Say the kids are sick and you haven't had a proper night’s sleep in over a week. Or maybe you're going through your own health issues or work challenges while the demands of life keep piling up around you. 

Whatever the circumstance, when you find yourself in the trenches together, it's often aspects of your friendship that pull you through. Fundamentals like trust, loyalty, empathy, dependability, and – in my opinion, one of the most important – being able to laugh about things together only continue to grow in significance as the years pass.

The same rings true in less tumultuous times too. Interesting conversations, thoughtful gestures, shared jokes that nobody but the two of you understands – these are all cultivated through a firm foundation of friendship. 

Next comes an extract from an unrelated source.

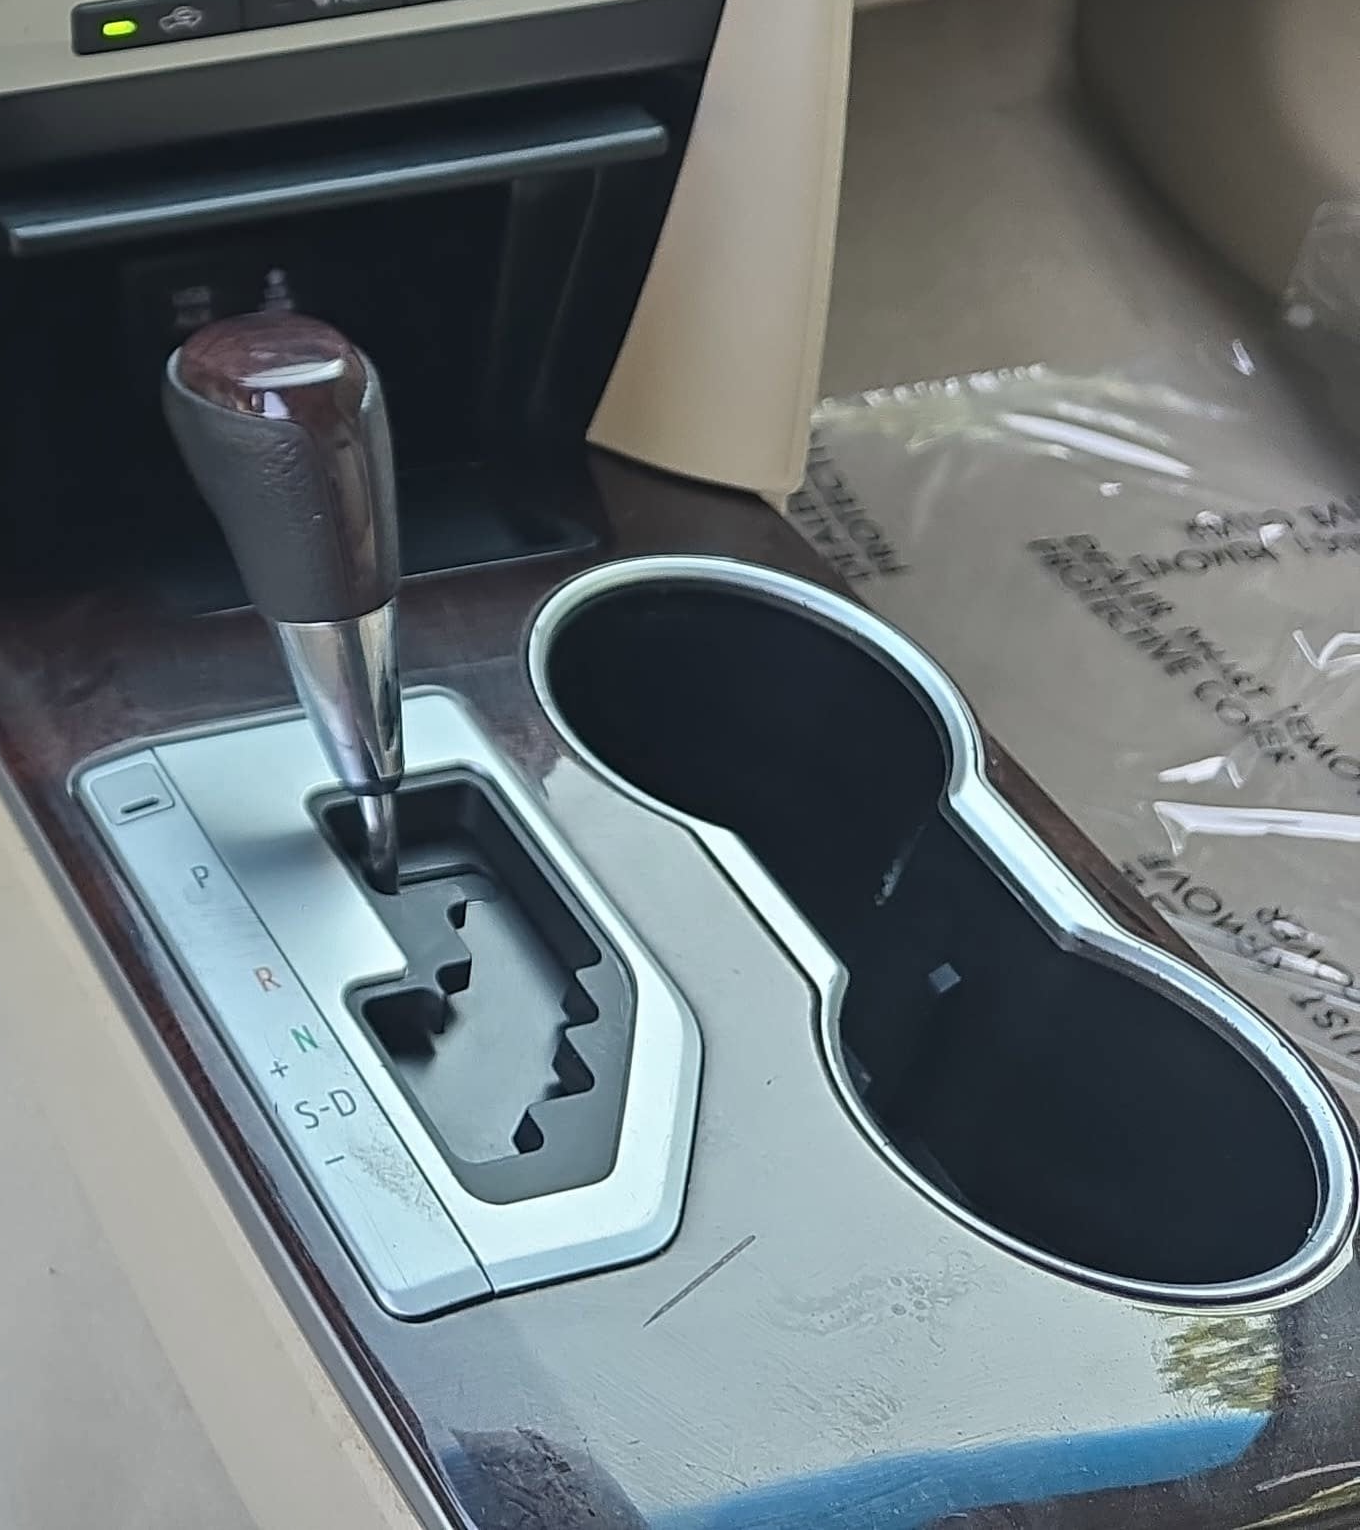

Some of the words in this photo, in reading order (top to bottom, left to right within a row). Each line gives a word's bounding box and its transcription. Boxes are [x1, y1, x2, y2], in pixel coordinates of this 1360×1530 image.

[190, 865, 210, 891] P
[254, 966, 282, 994] R
[291, 1025, 319, 1053] N

I’m only one decade into my marriage but I imagine friendship plays an even bigger part in sustaining relationships with time. 

7. A little appreciation goes a long way.

When you've been together a long time, it can be easy to take things for granted. I know chores are boring to do let alone read about, but the fact is they come up in married life A LOT and it's easy to get into patterns of behaviour around them.

For example, you might become so accustomed to someone else taking out the garbage or taking care of the laundry for you that eventually you might not even notice these things happening. This can of course lead to resentment, which nobody wants. I think it's safe to say though that everyone wants to feel valued and appreciated.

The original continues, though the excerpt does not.